James was tempted by a move to Spain, but opted for Villa Park to improve his chances of another cap, and eventually earned one, three-and-a-half years after the first, then stayed in for the opening half of Sven Goran Eriksson's inaugural match. He has started only one more game in the subsequent two years, effectively seeing off Nigel Martyn, yet unable to displace Seaman. Bleached suedehead, blond braids or yellow curls, he remains only the hair-apparent to the pony-tailed one, uncomfortably aware that Paul Robinson is now receiving regular first-team experience with Leeds and that the even younger Chris Kirkland is due some for Liverpool.

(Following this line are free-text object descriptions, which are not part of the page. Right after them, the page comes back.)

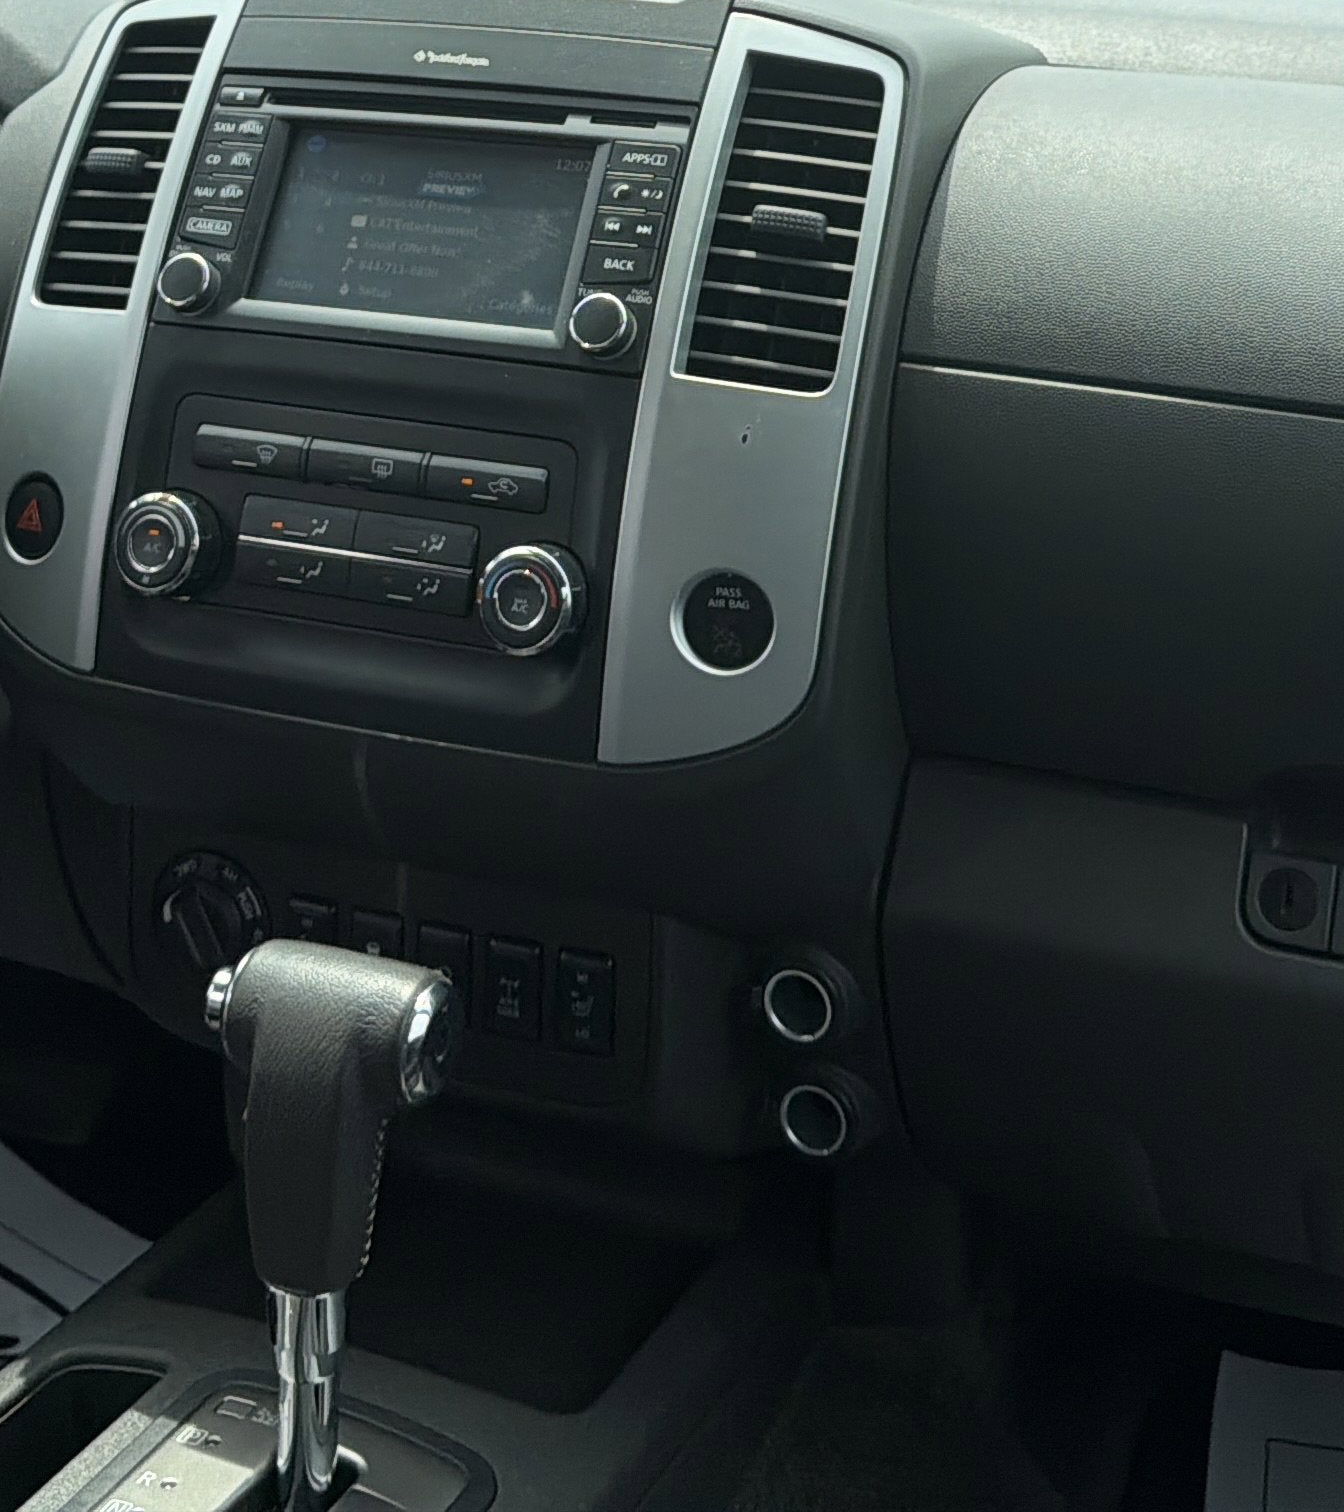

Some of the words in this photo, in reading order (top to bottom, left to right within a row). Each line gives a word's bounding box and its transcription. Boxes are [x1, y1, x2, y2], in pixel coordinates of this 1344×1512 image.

[213, 121, 237, 134] SXM
[205, 153, 222, 166] CD
[230, 153, 253, 168] AUX
[555, 158, 591, 172] 12:07
[194, 186, 217, 198] NAV
[220, 185, 244, 199] MAP
[188, 219, 230, 233] CAMERA
[216, 252, 233, 263] VOL
[603, 257, 635, 271] BACK
[625, 294, 653, 304] AUDIO
[715, 586, 742, 598] PASS
[707, 598, 726, 608] AIR
[728, 599, 750, 610] BAG
[136, 1470, 158, 1487] R
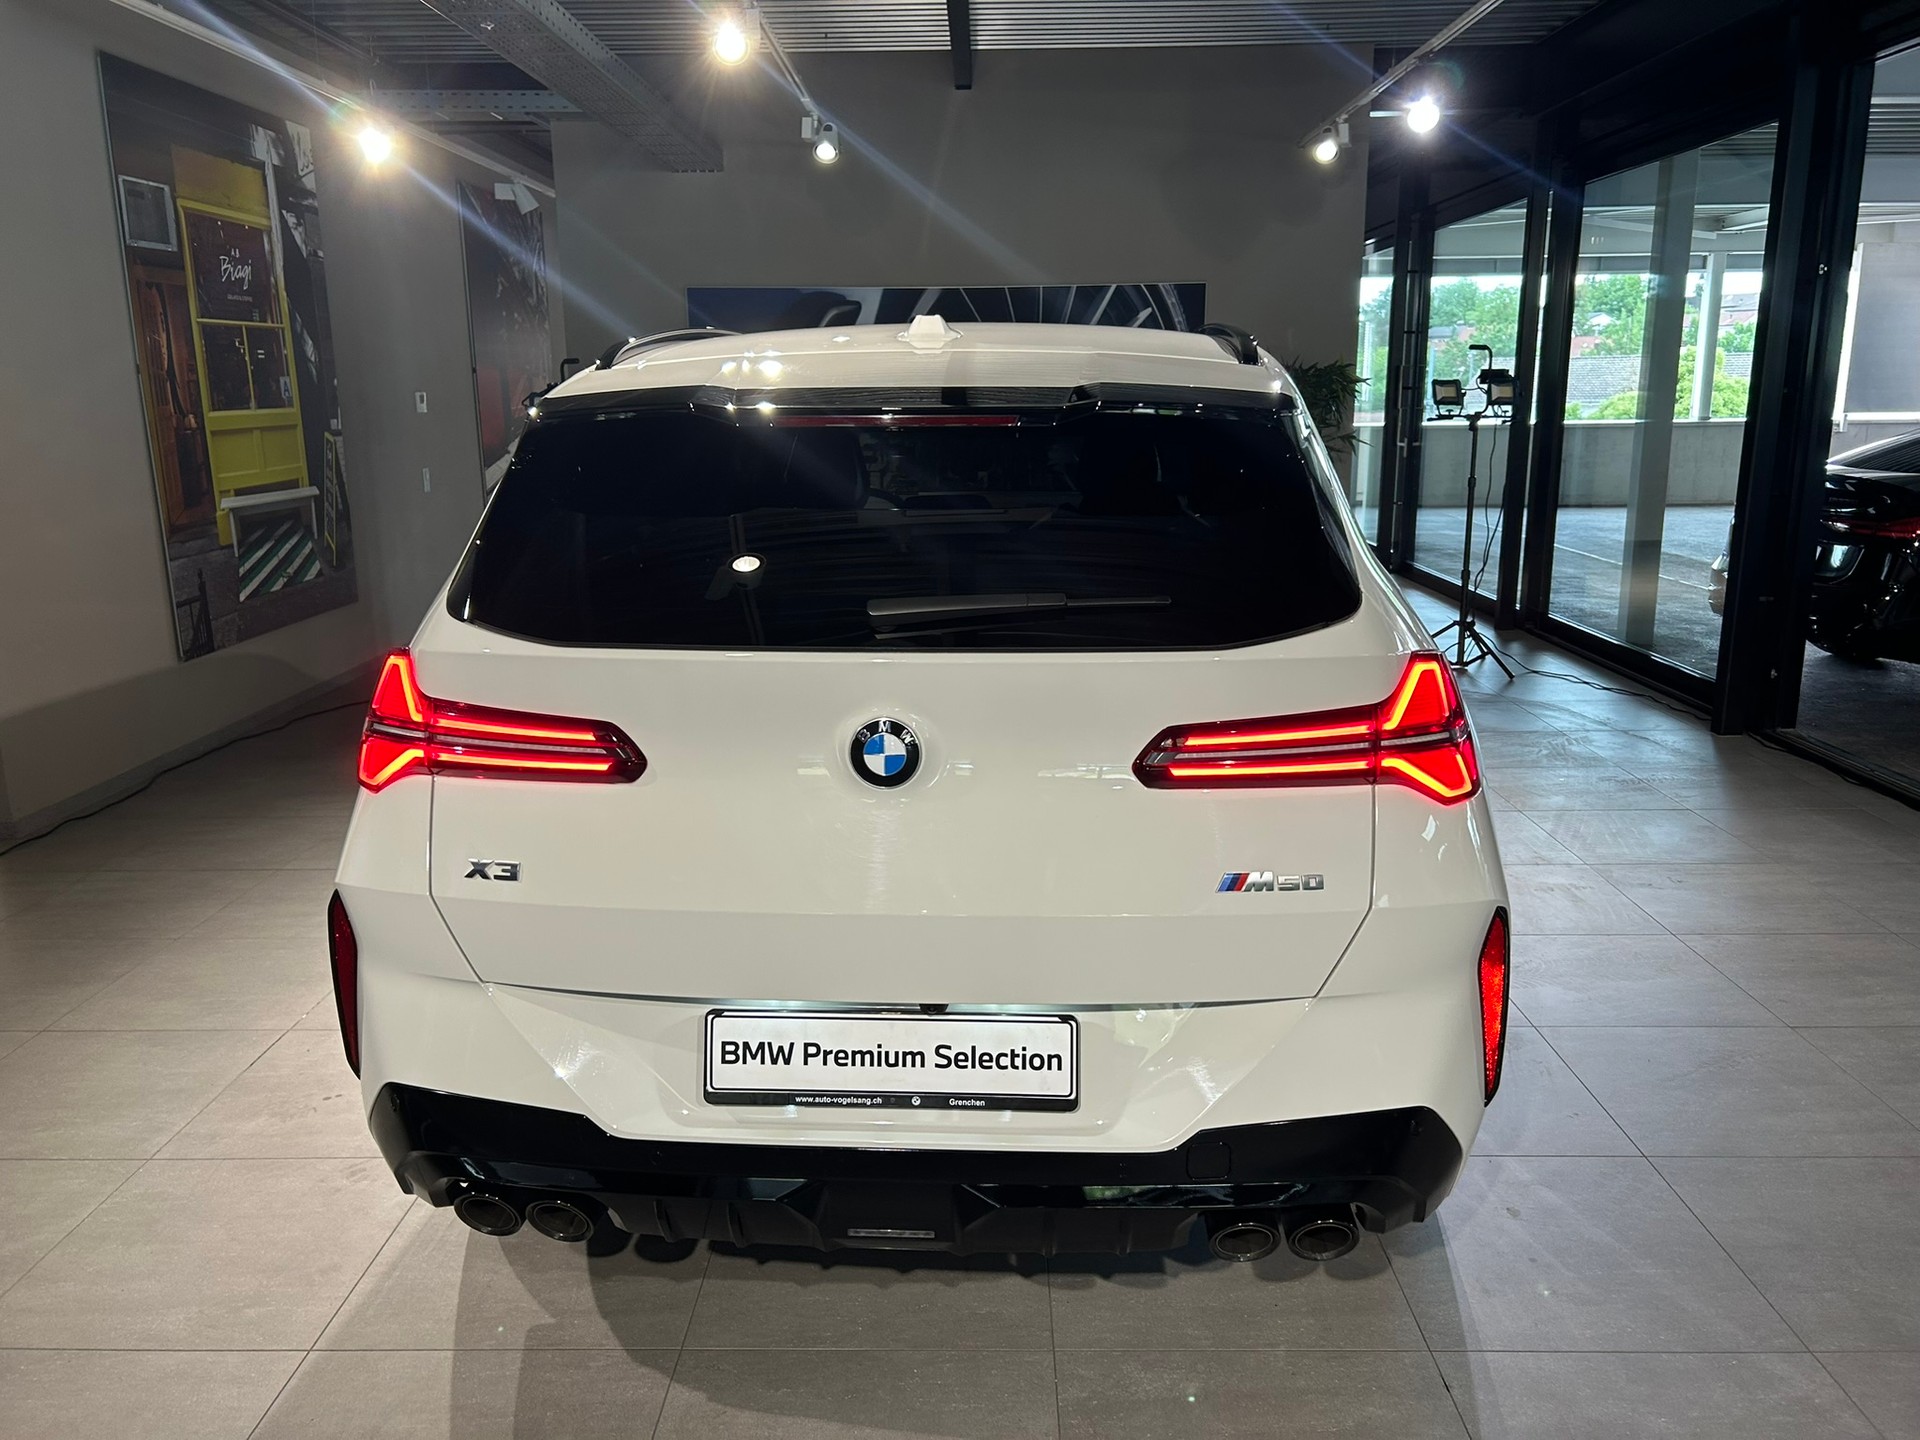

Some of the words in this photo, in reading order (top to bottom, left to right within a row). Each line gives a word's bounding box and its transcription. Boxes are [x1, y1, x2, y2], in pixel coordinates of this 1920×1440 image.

England's next international, like Eriksson's first at Villa Park, will be on James' home ground. Though the keeper will be on trial at Upton Park again tomorrow against Southampton, the patrons are still inclined to blame the defence rather than James for West Ham's goals-against total, and they will want him between the sticks for England against Australia. With Seaman now 39 and hardly immune from error, Eriksson and his goalkeeping coach Ray Clemence have some games to watch and some thinking to do before then. Decisions, decisions.